Scene V is the emotional earthquake of Act IV. Ophelia’s madness is depicted not as “comic insanity” but as a sacred ruin: innocence broken beyond repair. Her songs contain sexual imagery, betrayal, death, and lost honour; through them Shakespeare exposes the hidden violence of the court, where women become instruments of male politics.

Ophelia’s madness is also radically truthful. Because she no longer speaks with logical structure, she cannot be silenced by rational argument. She becomes a living accusation. Her broken speech discloses what polite language conceals: the court has destroyed her, and by destroying her it has destroyed its own moral legitimacy.

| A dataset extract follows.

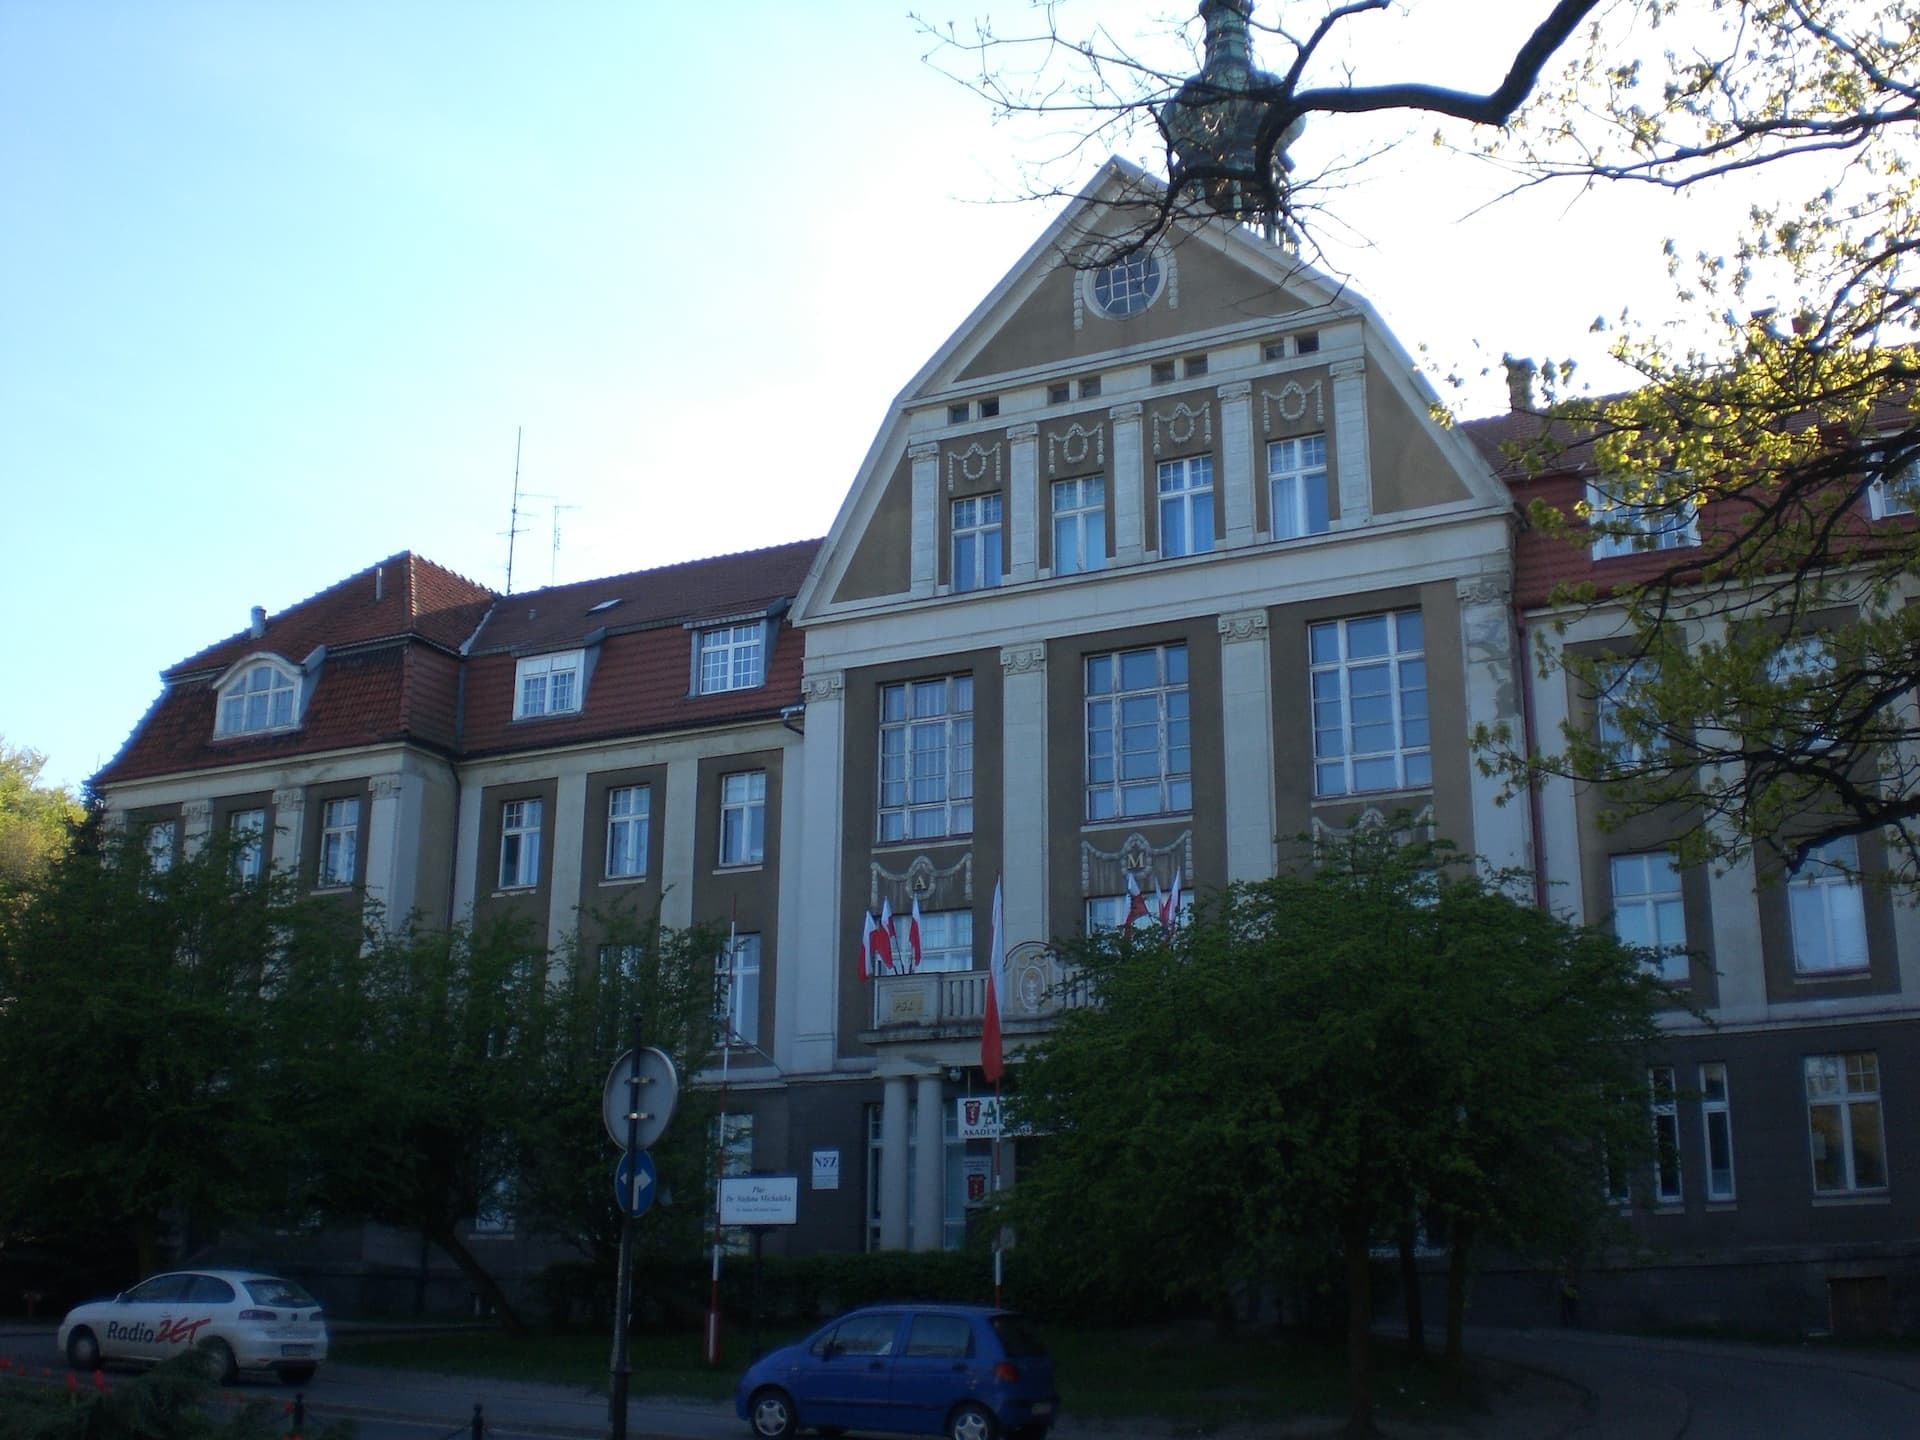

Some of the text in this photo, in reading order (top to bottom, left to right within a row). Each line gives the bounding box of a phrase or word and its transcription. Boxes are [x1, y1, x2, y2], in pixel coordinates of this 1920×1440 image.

[1126, 852, 1146, 870] M
[911, 876, 927, 892] A
[815, 1156, 837, 1168] NFZ
[107, 1317, 212, 1344] Radio ZET

Laertes’ return, fuelled by grief and rage, brings political risk. He is ready to overthrow Claudius, and the crowd supports him. Shakespeare shows here how grief can become revolutionary energy, and how easily a kingdom can fall when authority loses trust. Yet Claudius survives by doing what he does best: manipulating emotion. He will not fight Laertes; he will guide him.

This pairing—Ophelia’s collapse and Laertes’ fury—creates the most tragic sibling portrait in the play. Both are victims of the same corruption: one breaks inward, the other explodes outward.

Scene VI

News arrives: Hamlet has returned. The sea episode introduces a strong sense of fate (or providence) entering the play’s machinery. Claudius plans, writes, and controls letters; yet the ocean disrupts the plan. This is not simply plot twist—it is philosophical meaning. The universe of the play refuses to be fully controlled by politics.

This scene also restores Hamlet’s unpredictability. If Claudius believed exile would neutralise Hamlet, the unexpected return destroys that assumption. The tragedy now has momentum: the enemy is not safely removed. The conflict is returning to the centre of Denmark.

For the audience, this marks a critical shift: the play is moving into its last phase, where every delay ends and every plan becomes irreversible.

Scene VII

Scene VII is a cold masterclass in manipulation and political engineering. Claudius speaks to Laertes not simply as king but as strategist. He reframes revenge as “justice,” turning personal murder into public honour. The duel becomes a theatre of death disguised as sport.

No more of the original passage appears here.